Женщина перехватила Риткин взгляд:
– Знаешь, что, девочка… Знаешь, что нужно сделать сначала? – и договорила, не дожидаясь Риткиного ответа: – Придумать ему имя, – и она осторожно погладила щенка по пушистой мордочке.
– Имя? – недоуменно переспросила Ритка. Женщина серьезно кивнула:
– Имя…
Старуха, ведьма без имени
– Имя твоего волка …– пробормотала старуха. Хрипло и устало. – Имя.
И опять замолчала, слепо глядя в черные угли, над которыми еще совсем недавно плясало пламя.
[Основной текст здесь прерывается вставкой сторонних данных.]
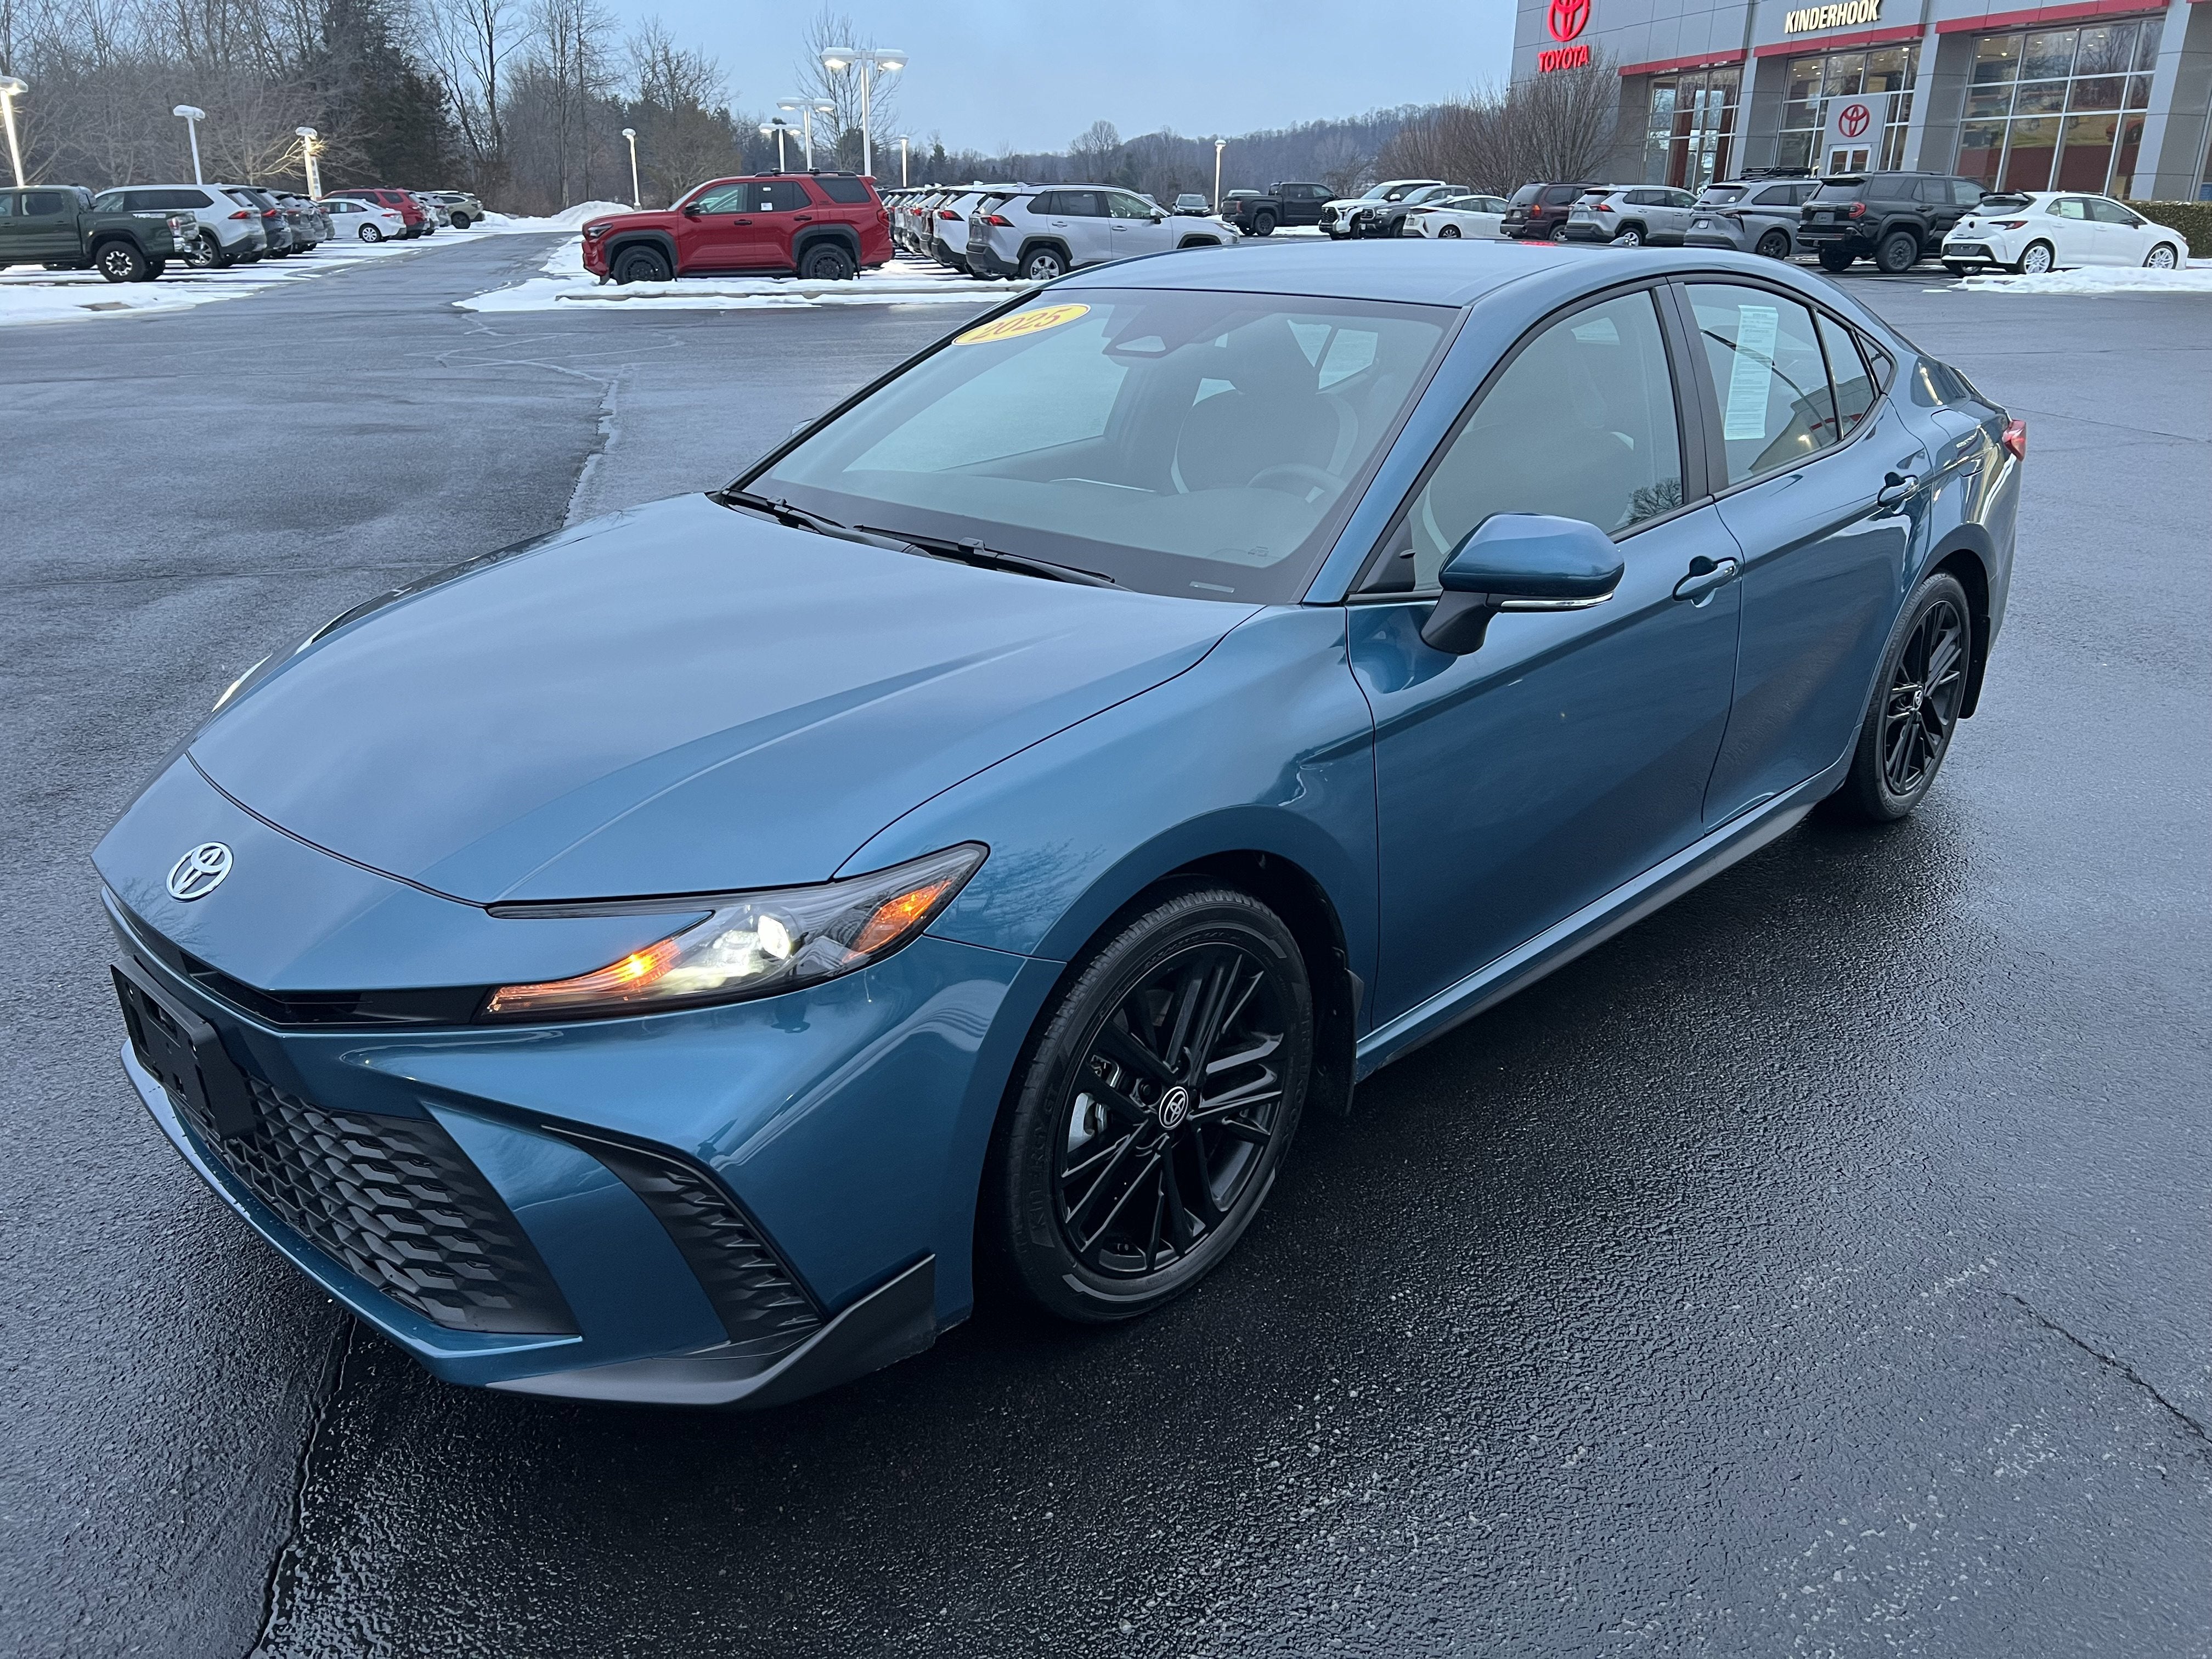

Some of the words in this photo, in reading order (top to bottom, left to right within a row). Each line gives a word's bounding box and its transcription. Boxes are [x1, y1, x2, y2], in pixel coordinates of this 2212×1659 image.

[1785, 0, 1880, 33] KINDERHOOK
[1538, 44, 1589, 73] TOYOTA
[968, 308, 1073, 341] 2025
Костер умер на рассвете. Так, как умирают почти все костры.
На рассвете.
В бесцветный час между умирающей ночью и еще не рожденным утром. Когда небо, роняя пушистые клочья влажного тумана, так близко нагибается к земле, что до него можно дотронуться. Когда приснившиеся сны еще не потеряли свой цвет, и кажется, что до них тоже можно дотронуться – как до неба. Дотронуться и пережить заново. И тогда может оказаться, что именно они, а не то, что происходило (будет происходить?) за их гранью – именно они и есть твоя настоящая жизнь. А то, что ты считал раньше своей жизнью – на самом деле, сон. Сон, который забудется к полудню – и потом так легко будет сделать вид перед самим собой, что ничего и не снилось…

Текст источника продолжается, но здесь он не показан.